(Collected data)
━━━━━━━━━━
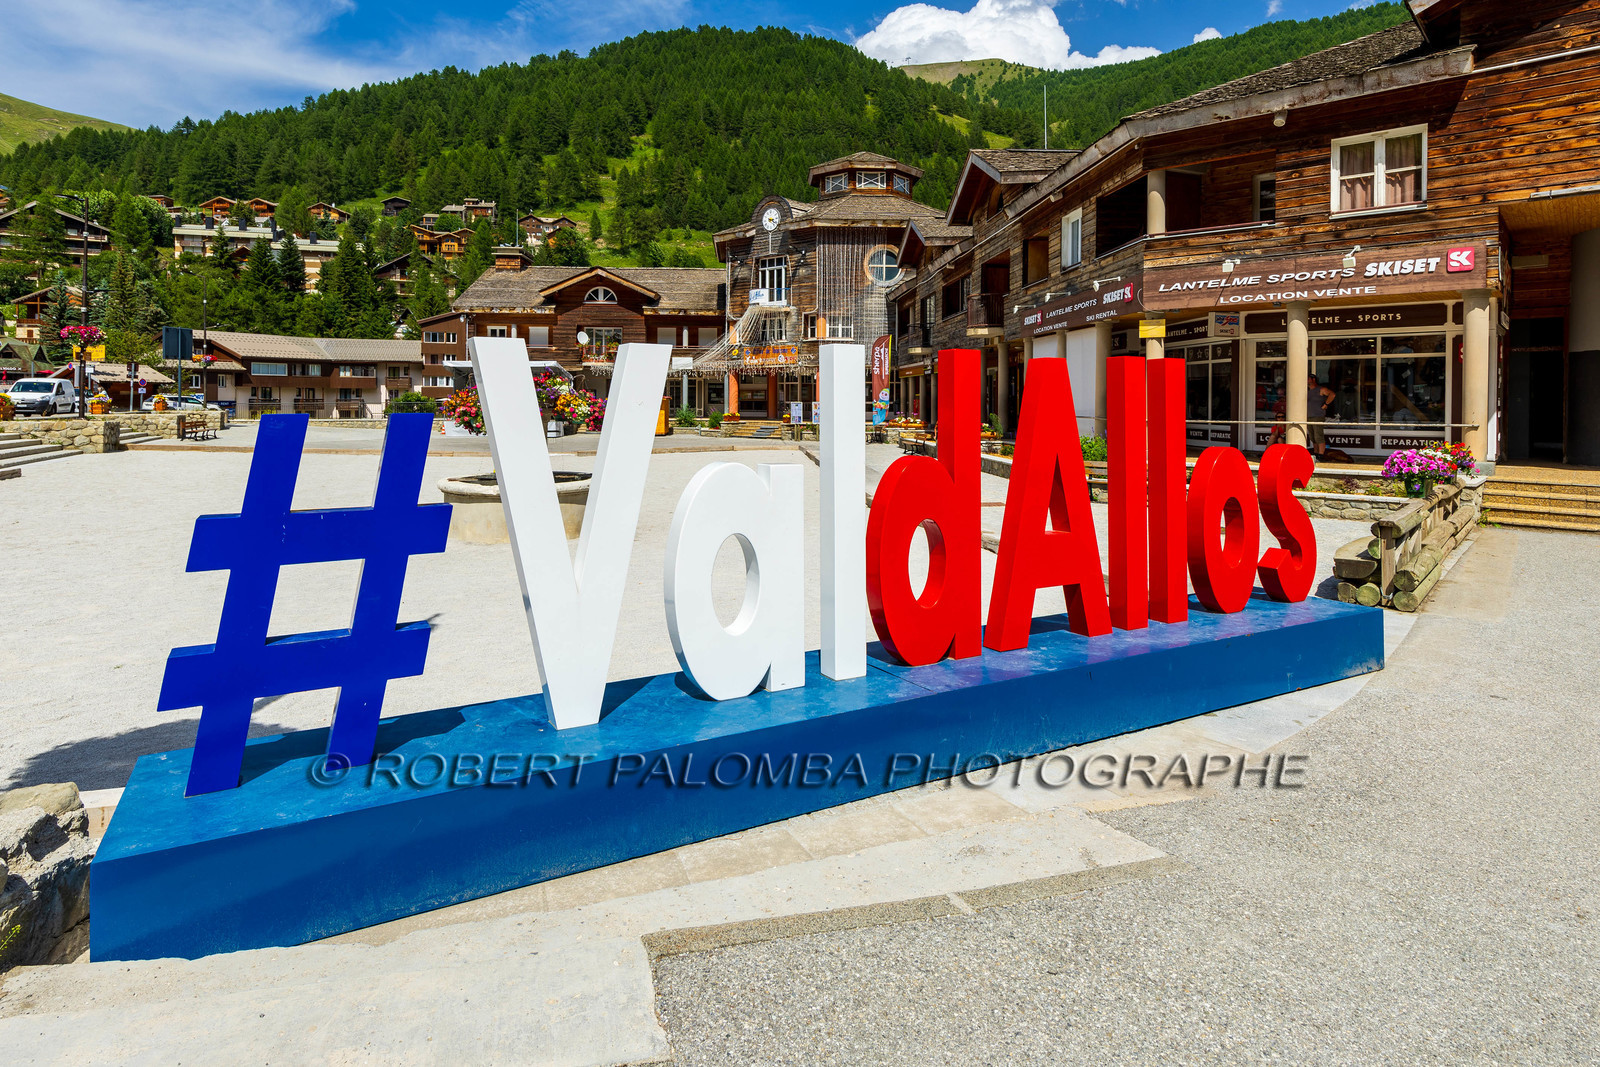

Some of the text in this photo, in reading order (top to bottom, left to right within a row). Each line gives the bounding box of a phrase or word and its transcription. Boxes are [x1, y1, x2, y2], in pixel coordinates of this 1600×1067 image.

[1159, 275, 1261, 292] LANTELME
[1266, 267, 1356, 284] SPORTS
[1364, 257, 1441, 278] SKISET
[1219, 285, 1377, 304] LOCATION VENTE
[1024, 313, 1038, 326] SKISET
[1046, 305, 1073, 319] LANTELME
[1073, 298, 1098, 312] SPORTS
[1102, 288, 1125, 305] SKISET
[1086, 309, 1118, 322] SKI RENTAL
[1358, 312, 1402, 323] SPORTS
[1033, 321, 1068, 335] LOCATION VENTE
[1193, 325, 1209, 334] SPORT
[872, 346, 880, 375] sherpa
[1328, 437, 1361, 445] VENTE
━━━━━━━━━━
■ Required work ■
Carry over each record above character for character, with the pictures left out.

■ Result of the task ■
Some of the text in this photo, in reading order (top to bottom, left to right within a row). Each line gives the bounding box of a phrase or word and its transcription. Boxes are [x1, y1, x2, y2], in pixel coordinates of this 1600×1067 image.

[1159, 275, 1261, 292] LANTELME
[1266, 267, 1356, 284] SPORTS
[1364, 257, 1441, 278] SKISET
[1219, 285, 1377, 304] LOCATION VENTE
[1024, 313, 1038, 326] SKISET
[1046, 305, 1073, 319] LANTELME
[1073, 298, 1098, 312] SPORTS
[1102, 288, 1125, 305] SKISET
[1086, 309, 1118, 322] SKI RENTAL
[1358, 312, 1402, 323] SPORTS
[1033, 321, 1068, 335] LOCATION VENTE
[1193, 325, 1209, 334] SPORT
[872, 346, 880, 375] sherpa
[1328, 437, 1361, 445] VENTE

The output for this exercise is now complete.